▸ Problem to work on: Copy every record exactly, and keep the pictures out.

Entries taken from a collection
┌────────

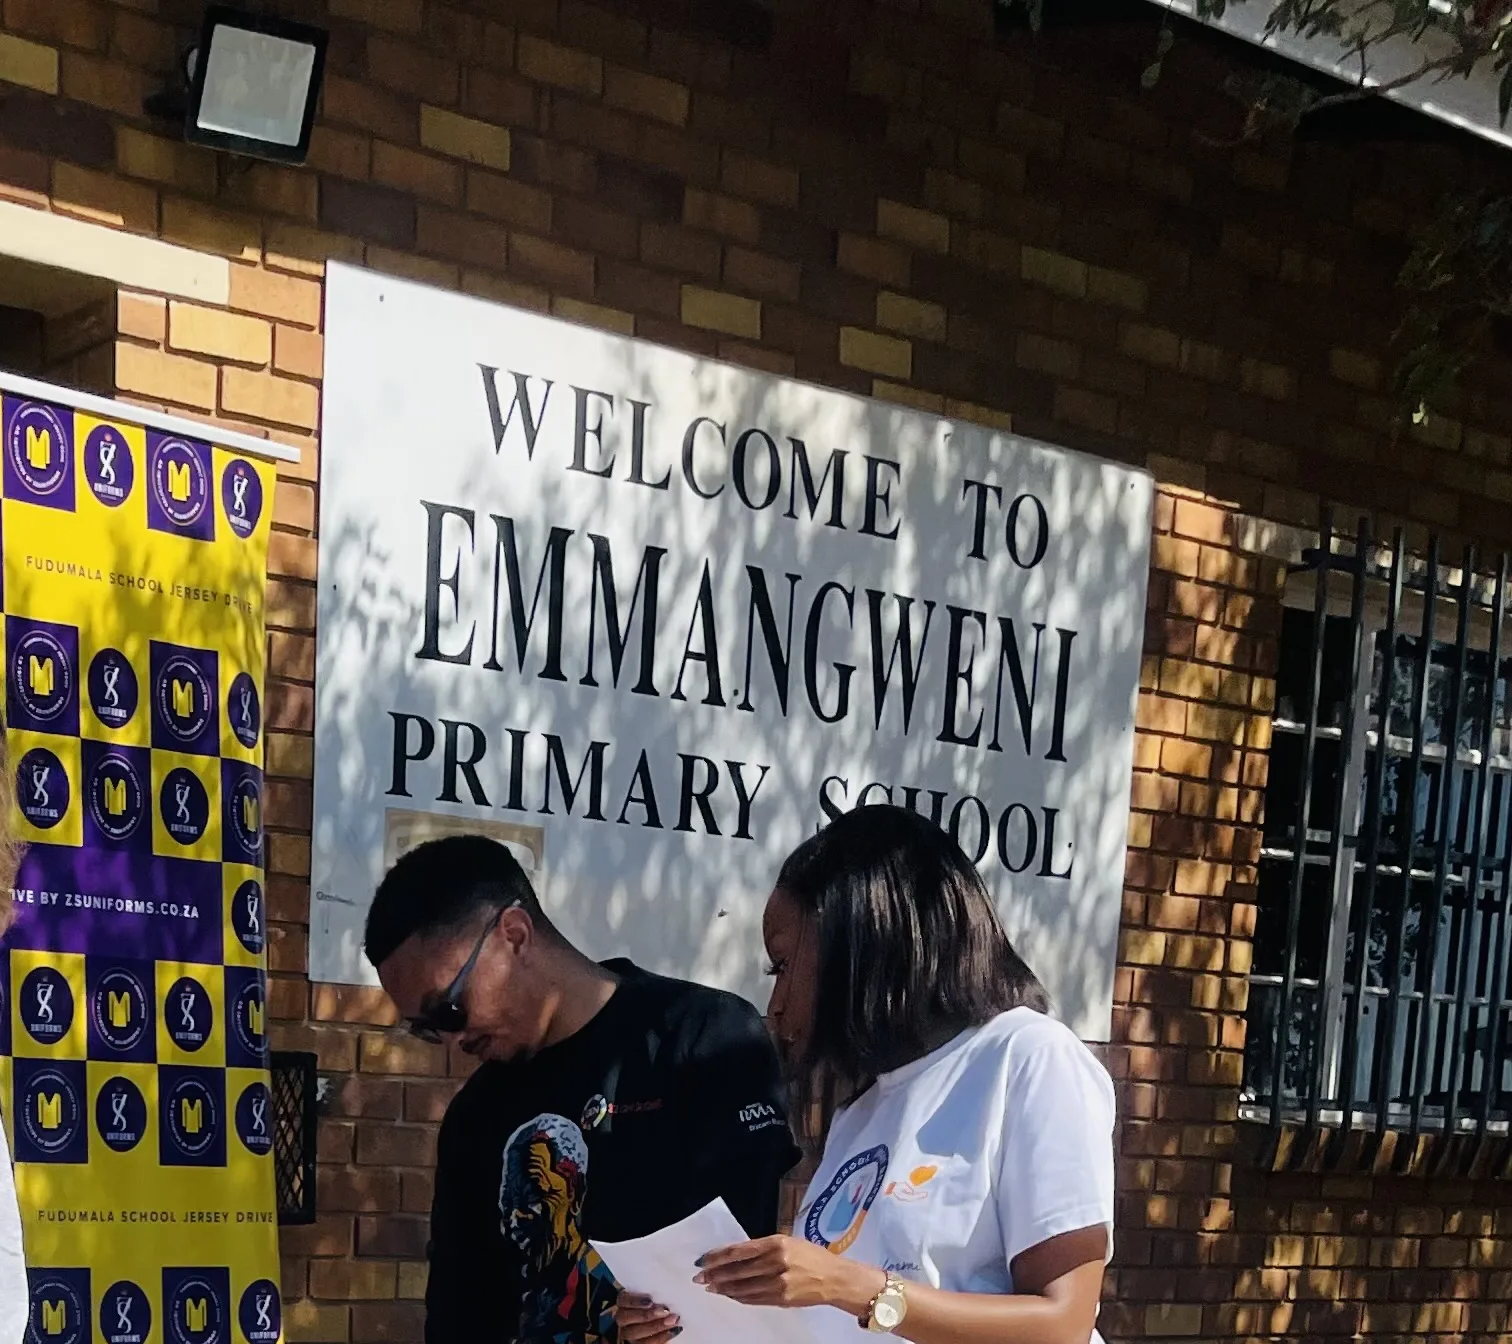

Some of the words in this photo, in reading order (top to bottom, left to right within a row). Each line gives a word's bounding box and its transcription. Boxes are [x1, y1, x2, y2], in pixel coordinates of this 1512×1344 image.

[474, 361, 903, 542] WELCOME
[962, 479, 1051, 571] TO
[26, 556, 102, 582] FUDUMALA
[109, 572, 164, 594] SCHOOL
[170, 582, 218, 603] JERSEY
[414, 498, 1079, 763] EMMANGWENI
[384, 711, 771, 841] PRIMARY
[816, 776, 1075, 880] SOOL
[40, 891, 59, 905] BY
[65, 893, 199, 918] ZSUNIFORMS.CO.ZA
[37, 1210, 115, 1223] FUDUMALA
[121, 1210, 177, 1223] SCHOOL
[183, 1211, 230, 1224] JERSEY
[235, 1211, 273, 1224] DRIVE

└────────

▸ Result of the exercise:
Some of the words in this photo, in reading order (top to bottom, left to right within a row). Each line gives a word's bounding box and its transcription. Boxes are [x1, y1, x2, y2], in pixel coordinates of this 1512×1344 image.

[474, 361, 903, 542] WELCOME
[962, 479, 1051, 571] TO
[26, 556, 102, 582] FUDUMALA
[109, 572, 164, 594] SCHOOL
[170, 582, 218, 603] JERSEY
[414, 498, 1079, 763] EMMANGWENI
[384, 711, 771, 841] PRIMARY
[816, 776, 1075, 880] SOOL
[40, 891, 59, 905] BY
[65, 893, 199, 918] ZSUNIFORMS.CO.ZA
[37, 1210, 115, 1223] FUDUMALA
[121, 1210, 177, 1223] SCHOOL
[183, 1211, 230, 1224] JERSEY
[235, 1211, 273, 1224] DRIVE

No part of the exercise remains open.